**WHAT NEEDS TO BE DONE:** Copy nothing before the line containing "this 1920×1272 image.". Reproduce that line and all that follow, exactly, through the end of the records.
------------------------------------------------------------------------
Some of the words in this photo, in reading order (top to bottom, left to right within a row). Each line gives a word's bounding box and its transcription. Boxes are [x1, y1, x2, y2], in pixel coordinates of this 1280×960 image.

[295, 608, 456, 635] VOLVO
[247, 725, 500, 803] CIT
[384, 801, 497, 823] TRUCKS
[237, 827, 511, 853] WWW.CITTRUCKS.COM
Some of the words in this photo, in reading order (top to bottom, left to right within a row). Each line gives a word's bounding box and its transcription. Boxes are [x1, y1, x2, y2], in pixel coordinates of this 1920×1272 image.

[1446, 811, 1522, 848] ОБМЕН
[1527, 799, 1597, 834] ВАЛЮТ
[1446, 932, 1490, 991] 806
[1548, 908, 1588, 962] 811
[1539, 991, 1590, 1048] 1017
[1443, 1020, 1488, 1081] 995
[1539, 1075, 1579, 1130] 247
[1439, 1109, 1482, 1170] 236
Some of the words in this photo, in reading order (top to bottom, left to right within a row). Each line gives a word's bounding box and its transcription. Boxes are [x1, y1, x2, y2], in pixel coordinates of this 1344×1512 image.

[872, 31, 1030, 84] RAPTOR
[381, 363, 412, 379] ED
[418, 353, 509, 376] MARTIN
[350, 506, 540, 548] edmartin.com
------------------------------------------------------------------------
**ANSWER SECTION:**
Some of the words in this photo, in reading order (top to bottom, left to right within a row). Each line gives a word's bounding box and its transcription. Boxes are [x1, y1, x2, y2], in pixel coordinates of this 1920×1272 image.

[1446, 811, 1522, 848] ОБМЕН
[1527, 799, 1597, 834] ВАЛЮТ
[1446, 932, 1490, 991] 806
[1548, 908, 1588, 962] 811
[1539, 991, 1590, 1048] 1017
[1443, 1020, 1488, 1081] 995
[1539, 1075, 1579, 1130] 247
[1439, 1109, 1482, 1170] 236
Some of the words in this photo, in reading order (top to bottom, left to right within a row). Each line gives a word's bounding box and its transcription. Boxes are [x1, y1, x2, y2], in pixel coordinates of this 1344×1512 image.

[872, 31, 1030, 84] RAPTOR
[381, 363, 412, 379] ED
[418, 353, 509, 376] MARTIN
[350, 506, 540, 548] edmartin.com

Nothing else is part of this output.